The abstract reviews many new weight‑loss approaches, noting that the peptide AOD9604 is being tested in clinical trials for its ability to improve fat tissue function and fatty‑acid metabolism, but it doesn’t give any concrete results or dosing info.

The serotonin, norepinephrine, dopamine, and endocannabinoid systems, as well as a host of other systems, mediate hunger and satiety signals. Weight loss agents that modulate appetite through pure central nervous system pathways (e.g., APD356, a selective serotonin receptor agonist) and peripheral signals to central nervous system pathways (e.g., cholecystokinin receptor agonists and ghrelin receptor antagonists) are in preclinical or early phase studies. Both devices and pharmacological compounds that facilitate weight loss and/or target multiple components of metabolic risk also are in development.

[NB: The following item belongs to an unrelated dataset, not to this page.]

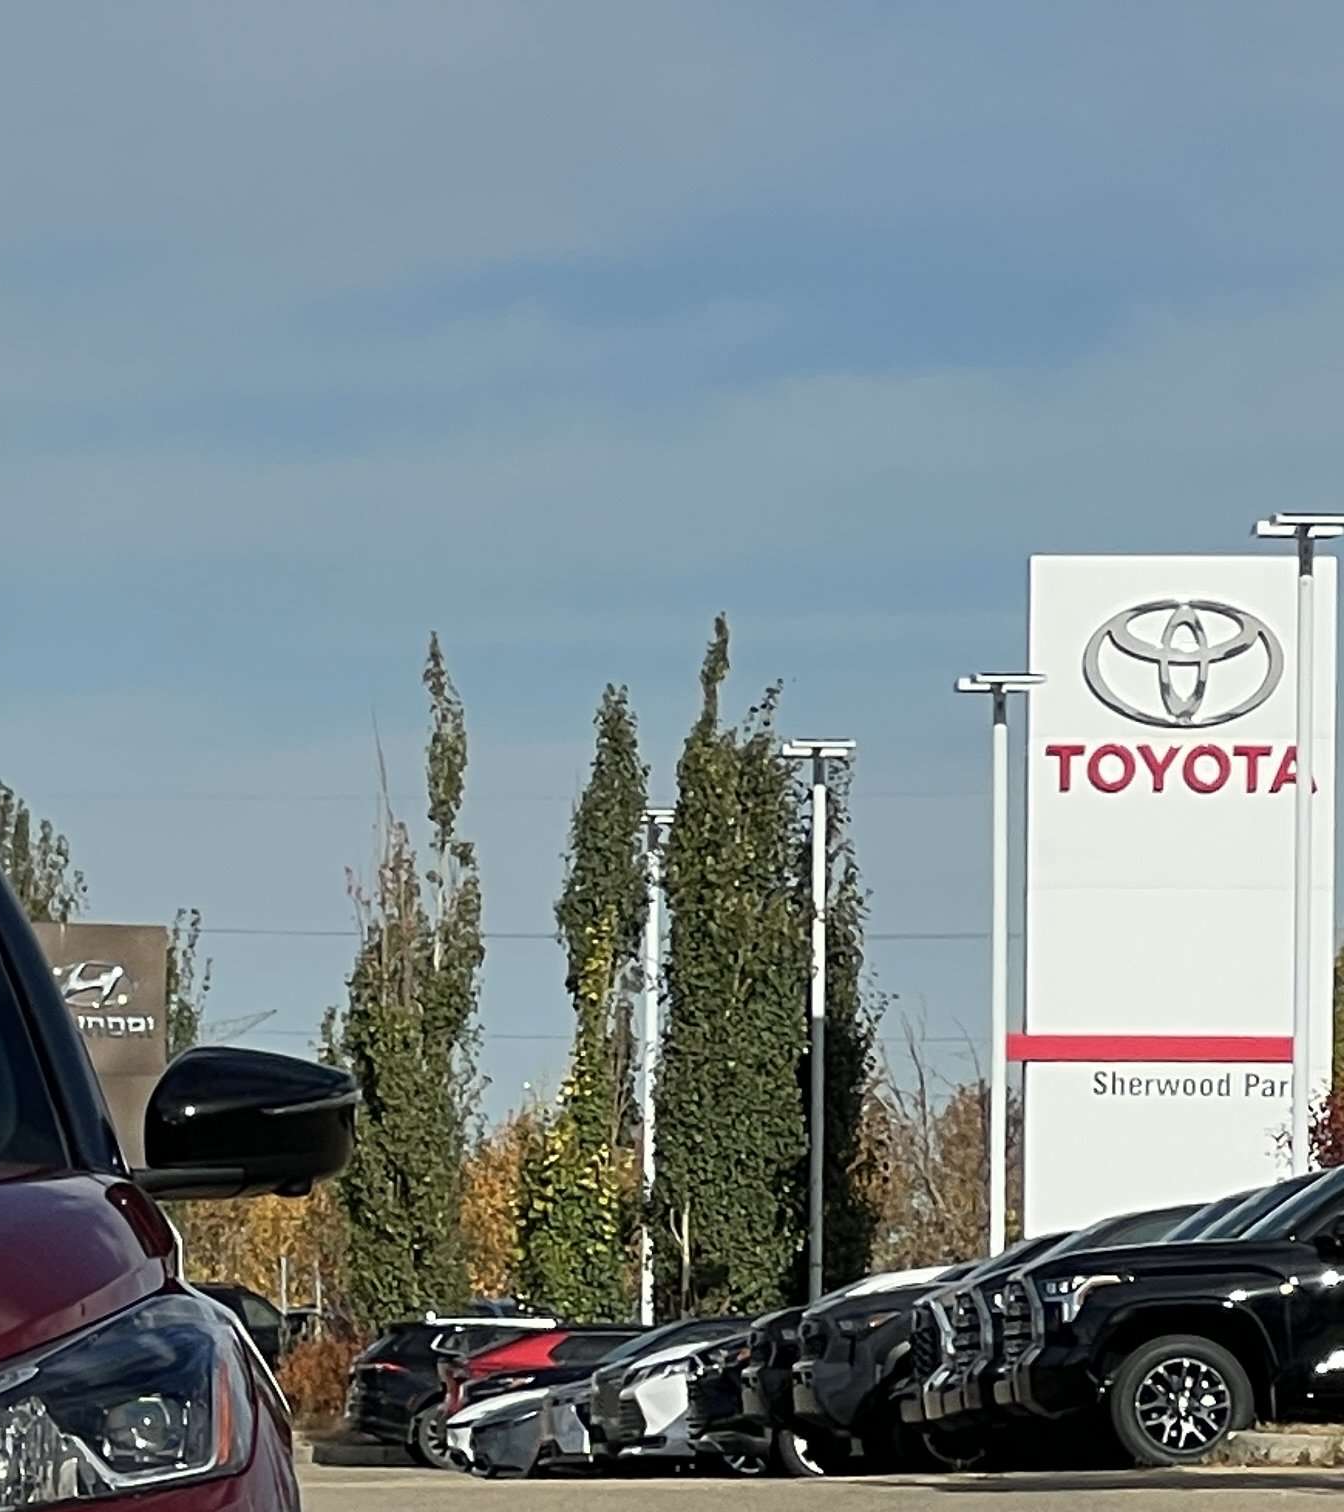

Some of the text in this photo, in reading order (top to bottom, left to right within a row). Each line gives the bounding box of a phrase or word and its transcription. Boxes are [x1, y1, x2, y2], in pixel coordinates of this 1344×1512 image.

One of the medications that has completed extensive phase III clinical trials and may become available in the foreseeable future is rimonabant, a selective cannabinoid 1-receptor antagonist. Drugs that improve adipose tissue function or fatty acid metabolism (e.g., AOD9604) also are in clinical trials. Some currently available medications may reduce metabolic complications without treating obesity per se (e.g., acipimox, pioglitazone). Surgically implanted gastric pacemaker systems that modulate vagus nerve activity and delay gastric emptying are under study.